UPDATE: This story has been updated with a further interview with Ray White on 13 January. Ray White has clarified that it was actually an inability for its Active Directory installation to communicate with the rest of the world which has taken down its email systems this week during the Queensland floods — courtesy of an AAPT outage at its facility in the Riverside building in Brisbane.
Real estate giant Ray White has this week received a graphic demonstration of the benefits of switching to cloud-hosted email, with the Microsoft Exchange portion of its staff email systems appearing to have been taken out by Queensland’s floods; and the Google Apps portion it’s migrating to remaining up.
In late November Google unveiled the company as one of two flagship Australian customers who had taken the decision to switch off their Outlook/Exchange platforms and migrate to Google Apps.
At the time, Ray White director of IT & property management Ben White said the company switched because it wanted an IT infrastructure which was more in sync with its nature — being composed of many smaller real estate agencies, all run by entrepreneurs who wanted more flexible systems than Exchange could offer them.
However, this week the company might have found another benefit from the move — business continuity. “Ray White email is down due to flood.

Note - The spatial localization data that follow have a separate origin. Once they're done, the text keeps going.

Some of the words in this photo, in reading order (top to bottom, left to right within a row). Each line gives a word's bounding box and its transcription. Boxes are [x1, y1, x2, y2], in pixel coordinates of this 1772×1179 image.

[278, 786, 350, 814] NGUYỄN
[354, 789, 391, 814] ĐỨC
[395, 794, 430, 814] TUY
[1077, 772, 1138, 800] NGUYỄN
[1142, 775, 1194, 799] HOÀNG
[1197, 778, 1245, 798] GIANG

May be restored today, but further disruptions are likely with water peak [tomorrow]. Pls pass on, wrote the company’s head of marketing Ian Campbell today on Twitter.
Campbell was unable to be contacted by telephone, and a spokesperson for Ray White wasn’t available. However, Delimiter believes that in fact it wasn’t Ray White’s entire email platform which went down — just the portion still hosted on Microsoft Exchange, which, along with most of the company’s back-end infrastructure, is associated with its Brisbane head office, and is currently unavailable.

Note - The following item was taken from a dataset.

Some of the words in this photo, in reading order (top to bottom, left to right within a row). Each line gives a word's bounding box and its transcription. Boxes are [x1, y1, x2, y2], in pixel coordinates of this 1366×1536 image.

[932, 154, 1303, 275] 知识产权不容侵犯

The company is understood to still be migrating some staff onto the Google Apps platform — which would not have been affected by the Queensland floods, as it is not hosted in Australia and is available globally to anyone with an internet connection.
The news comes as other datacentre facilities have also been experiencing problems in Queensland. Credit Union Australia has been forced to shut down its internet banking services due to the flood, as it operates out of head offices in the flooded Brisbane central business district. “CUA’s Brisbane Headquarters is located in the flood zone in the Brisbane CBD and this has caused the shut down of our internet and web banking services,” it said in a statement on its site this afternoon.
AAPT too, warned customers this afternoon that a number of its Brisbane-based co-location hosting facilities were in danger of being affected by the flood. The telco has commenced exiting equipment from those sites — and has powered down one facility completely after Energex cut power in the area.